*** Provided data Section Begins ***

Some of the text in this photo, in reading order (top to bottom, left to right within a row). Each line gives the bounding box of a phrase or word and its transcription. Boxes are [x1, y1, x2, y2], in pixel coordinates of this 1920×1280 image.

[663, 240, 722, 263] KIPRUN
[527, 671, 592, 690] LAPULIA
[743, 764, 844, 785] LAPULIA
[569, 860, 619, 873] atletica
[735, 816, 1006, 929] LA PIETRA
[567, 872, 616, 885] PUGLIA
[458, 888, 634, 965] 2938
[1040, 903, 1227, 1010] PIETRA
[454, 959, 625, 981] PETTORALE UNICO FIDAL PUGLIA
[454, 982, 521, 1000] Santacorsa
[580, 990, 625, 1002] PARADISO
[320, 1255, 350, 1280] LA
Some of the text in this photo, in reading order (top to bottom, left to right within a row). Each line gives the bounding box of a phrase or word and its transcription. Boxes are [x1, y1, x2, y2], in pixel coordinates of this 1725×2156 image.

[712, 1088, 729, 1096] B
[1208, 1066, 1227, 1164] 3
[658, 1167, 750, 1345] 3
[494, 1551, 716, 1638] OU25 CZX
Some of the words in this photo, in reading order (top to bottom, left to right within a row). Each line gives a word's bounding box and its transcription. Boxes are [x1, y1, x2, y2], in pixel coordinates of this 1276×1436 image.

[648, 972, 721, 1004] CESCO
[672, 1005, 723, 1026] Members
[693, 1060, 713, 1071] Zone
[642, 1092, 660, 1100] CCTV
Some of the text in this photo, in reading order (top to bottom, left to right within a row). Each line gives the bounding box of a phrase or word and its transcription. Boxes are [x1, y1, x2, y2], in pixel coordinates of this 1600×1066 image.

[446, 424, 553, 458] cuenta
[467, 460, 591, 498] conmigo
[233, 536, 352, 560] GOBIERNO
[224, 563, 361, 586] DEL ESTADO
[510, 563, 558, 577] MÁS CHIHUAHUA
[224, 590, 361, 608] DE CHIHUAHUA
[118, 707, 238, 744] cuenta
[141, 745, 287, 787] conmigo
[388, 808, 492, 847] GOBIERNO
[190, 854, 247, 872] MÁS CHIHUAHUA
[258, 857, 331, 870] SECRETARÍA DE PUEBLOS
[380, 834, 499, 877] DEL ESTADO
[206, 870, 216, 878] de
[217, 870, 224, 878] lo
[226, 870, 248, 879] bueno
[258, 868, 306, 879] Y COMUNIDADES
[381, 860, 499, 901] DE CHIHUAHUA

*** Provided data Section Ends ***

**Problem to solve**. Every record above is to be written out exactly.

**Problem solution**.
Some of the text in this photo, in reading order (top to bottom, left to right within a row). Each line gives the bounding box of a phrase or word and its transcription. Boxes are [x1, y1, x2, y2], in pixel coordinates of this 1920×1280 image.

[663, 240, 722, 263] KIPRUN
[527, 671, 592, 690] LAPULIA
[743, 764, 844, 785] LAPULIA
[569, 860, 619, 873] atletica
[735, 816, 1006, 929] LA PIETRA
[567, 872, 616, 885] PUGLIA
[458, 888, 634, 965] 2938
[1040, 903, 1227, 1010] PIETRA
[454, 959, 625, 981] PETTORALE UNICO FIDAL PUGLIA
[454, 982, 521, 1000] Santacorsa
[580, 990, 625, 1002] PARADISO
[320, 1255, 350, 1280] LA
Some of the text in this photo, in reading order (top to bottom, left to right within a row). Each line gives the bounding box of a phrase or word and its transcription. Boxes are [x1, y1, x2, y2], in pixel coordinates of this 1725×2156 image.

[712, 1088, 729, 1096] B
[1208, 1066, 1227, 1164] 3
[658, 1167, 750, 1345] 3
[494, 1551, 716, 1638] OU25 CZX
Some of the words in this photo, in reading order (top to bottom, left to right within a row). Each line gives a word's bounding box and its transcription. Boxes are [x1, y1, x2, y2], in pixel coordinates of this 1276×1436 image.

[648, 972, 721, 1004] CESCO
[672, 1005, 723, 1026] Members
[693, 1060, 713, 1071] Zone
[642, 1092, 660, 1100] CCTV
Some of the text in this photo, in reading order (top to bottom, left to right within a row). Each line gives the bounding box of a phrase or word and its transcription. Boxes are [x1, y1, x2, y2], in pixel coordinates of this 1600×1066 image.

[446, 424, 553, 458] cuenta
[467, 460, 591, 498] conmigo
[233, 536, 352, 560] GOBIERNO
[224, 563, 361, 586] DEL ESTADO
[510, 563, 558, 577] MÁS CHIHUAHUA
[224, 590, 361, 608] DE CHIHUAHUA
[118, 707, 238, 744] cuenta
[141, 745, 287, 787] conmigo
[388, 808, 492, 847] GOBIERNO
[190, 854, 247, 872] MÁS CHIHUAHUA
[258, 857, 331, 870] SECRETARÍA DE PUEBLOS
[380, 834, 499, 877] DEL ESTADO
[206, 870, 216, 878] de
[217, 870, 224, 878] lo
[226, 870, 248, 879] bueno
[258, 868, 306, 879] Y COMUNIDADES
[381, 860, 499, 901] DE CHIHUAHUA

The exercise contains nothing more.